■ Your assignment ■
Word for word, print all of the lines below.

[Saved data entries]
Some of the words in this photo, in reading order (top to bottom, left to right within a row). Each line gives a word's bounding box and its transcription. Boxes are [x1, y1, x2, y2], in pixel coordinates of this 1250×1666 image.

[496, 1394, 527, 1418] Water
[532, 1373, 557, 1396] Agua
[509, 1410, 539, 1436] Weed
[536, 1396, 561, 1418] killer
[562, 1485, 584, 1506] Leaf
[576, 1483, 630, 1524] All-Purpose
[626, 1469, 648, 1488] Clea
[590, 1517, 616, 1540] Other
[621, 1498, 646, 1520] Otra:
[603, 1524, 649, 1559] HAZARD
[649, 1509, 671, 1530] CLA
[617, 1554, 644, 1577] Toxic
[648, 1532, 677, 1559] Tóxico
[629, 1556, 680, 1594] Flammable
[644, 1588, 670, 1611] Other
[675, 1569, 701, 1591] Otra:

■ Exercise answer ■
Some of the words in this photo, in reading order (top to bottom, left to right within a row). Each line gives a word's bounding box and its transcription. Boxes are [x1, y1, x2, y2], in pixel coordinates of this 1250×1666 image.

[496, 1394, 527, 1418] Water
[532, 1373, 557, 1396] Agua
[509, 1410, 539, 1436] Weed
[536, 1396, 561, 1418] killer
[562, 1485, 584, 1506] Leaf
[576, 1483, 630, 1524] All-Purpose
[626, 1469, 648, 1488] Clea
[590, 1517, 616, 1540] Other
[621, 1498, 646, 1520] Otra:
[603, 1524, 649, 1559] HAZARD
[649, 1509, 671, 1530] CLA
[617, 1554, 644, 1577] Toxic
[648, 1532, 677, 1559] Tóxico
[629, 1556, 680, 1594] Flammable
[644, 1588, 670, 1611] Other
[675, 1569, 701, 1591] Otra:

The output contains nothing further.